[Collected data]
__________________________________________________

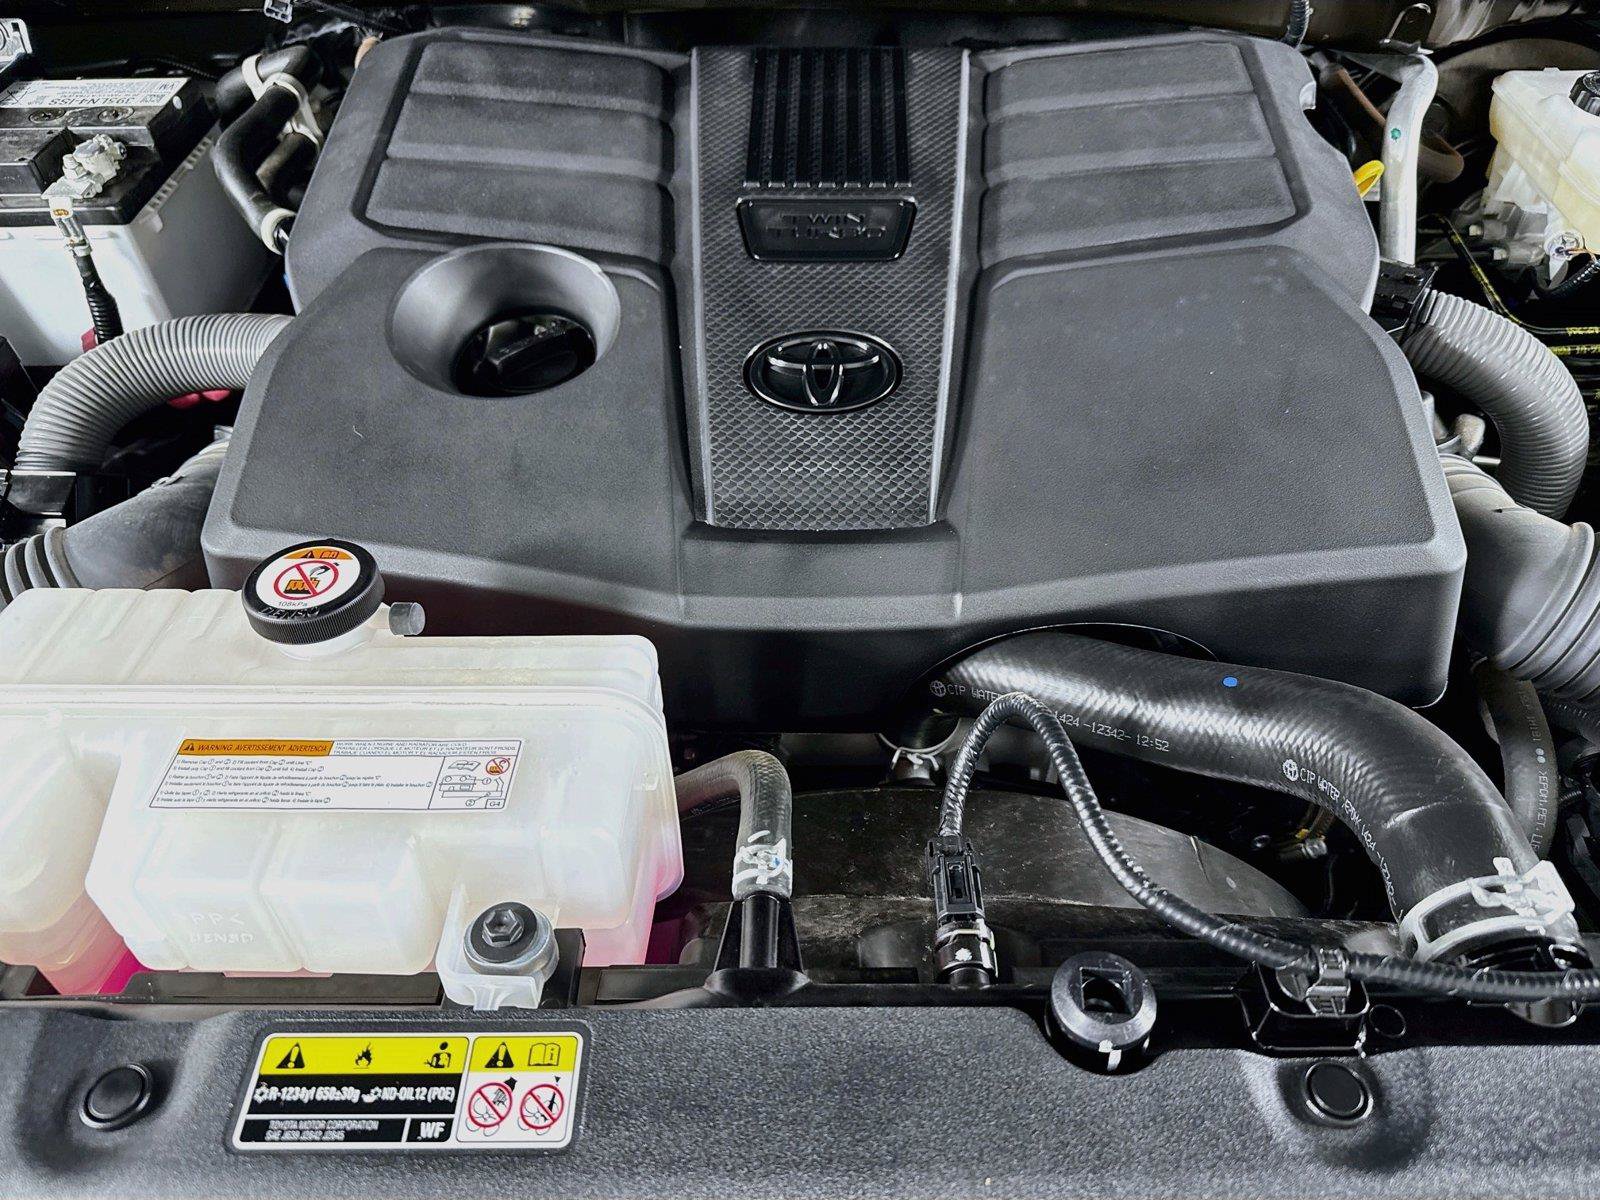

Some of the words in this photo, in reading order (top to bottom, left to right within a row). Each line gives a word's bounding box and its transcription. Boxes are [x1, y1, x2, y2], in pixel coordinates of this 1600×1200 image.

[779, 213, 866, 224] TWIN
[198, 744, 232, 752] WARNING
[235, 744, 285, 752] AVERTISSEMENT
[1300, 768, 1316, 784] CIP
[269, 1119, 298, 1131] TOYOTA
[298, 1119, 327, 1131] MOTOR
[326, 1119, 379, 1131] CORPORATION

__________________________________________________

What needs to be done> The goal is an exact reprint of the entries, leaving out the pictures.

Result for this task>
Some of the words in this photo, in reading order (top to bottom, left to right within a row). Each line gives a word's bounding box and its transcription. Boxes are [x1, y1, x2, y2], in pixel coordinates of this 1600×1200 image.

[779, 213, 866, 224] TWIN
[198, 744, 232, 752] WARNING
[235, 744, 285, 752] AVERTISSEMENT
[1300, 768, 1316, 784] CIP
[269, 1119, 298, 1131] TOYOTA
[298, 1119, 327, 1131] MOTOR
[326, 1119, 379, 1131] CORPORATION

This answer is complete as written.